Making Environments Matter: Dynamic Couplings in Complex Social-Ecological Systems

This project brings together expertise from the Faculties of Science, Business & Economics, Medicine, Dentistry and Health Sciences, Engineering, and the Climate & Energy College, with external partners from the Climate and Health Alliance, Pollination Group and the University of Canberra.

Summary

Over the next century global warming will destabilize many social-ecological systems required for human life: government; trade; transport; agriculture; housing; communities and social groups; healthcare; employment; and water distribution. In Australia alone the costs of climate inaction may exceed $5 trillion by 2100, with key harms to infrastructure, agricultural and labour productivity, and biodiversity and human health. However, researchers have had difficulty translating these predictions into a narrative depicting how such whole-of-system consequences are connected to daily life and concerns that exist across the political spectrum, such as crime, cardiac events, and unemployment. Hence, there is an urgent need to generate new forms of discourse offering insight into how a warming climate will have critical system-wide effects.

To address this, new datasets and analysis methods are needed to offer academics, policymakers, and the public a whole-of-system narrative clarifying how global warming and its downstream consequences will cause widespread disruption over a broad range of social-ecological systems that matter for daily life. This requires adopting a novel complex-systems view of the nonlinear dynamics that define social-ecological systems across disciplines.

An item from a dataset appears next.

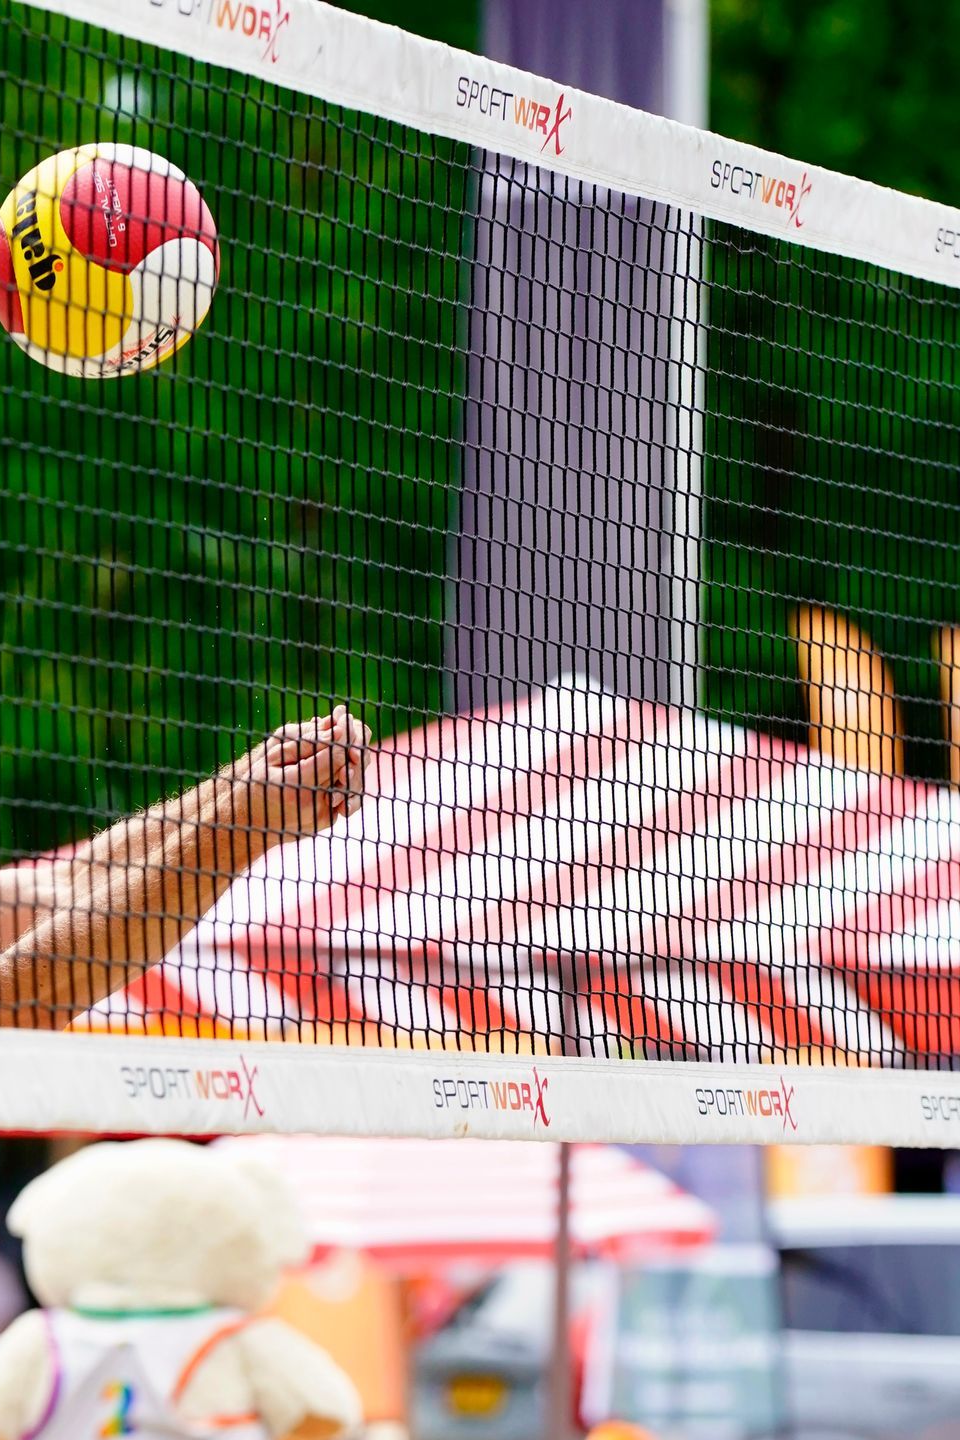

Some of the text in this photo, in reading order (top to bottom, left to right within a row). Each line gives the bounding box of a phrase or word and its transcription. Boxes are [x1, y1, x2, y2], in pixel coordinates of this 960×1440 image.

[120, 1053, 264, 1121] SPORTWORX
[433, 1066, 551, 1129] SPORTWORX
[696, 1076, 798, 1131] SPORTWORX
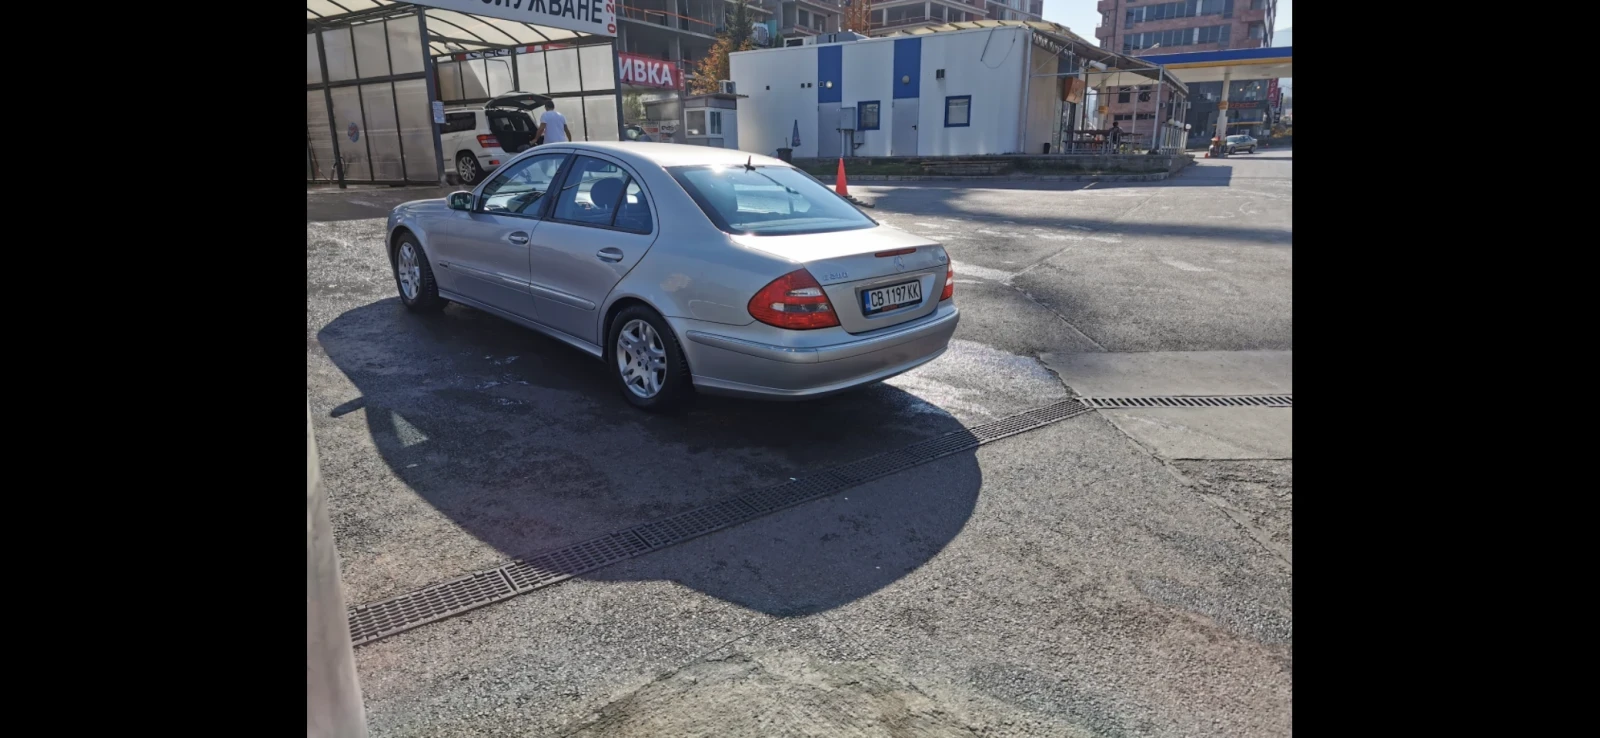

This project has three key aims:

  • Develop a proof-of-concept Australian dataset capturing variables that define critical social-ecological systems and outcomes at the finest temporal/geographic scales possible across disciplines.
  • Use ‘manifold learning’ methods to determine nonlinear associations across geographic and temporal scales.
  • Interpret results with partners and disseminate results through engagement and press, as well as peer-reviewed publications and workshops to promote the new open-access dataset and policy implications.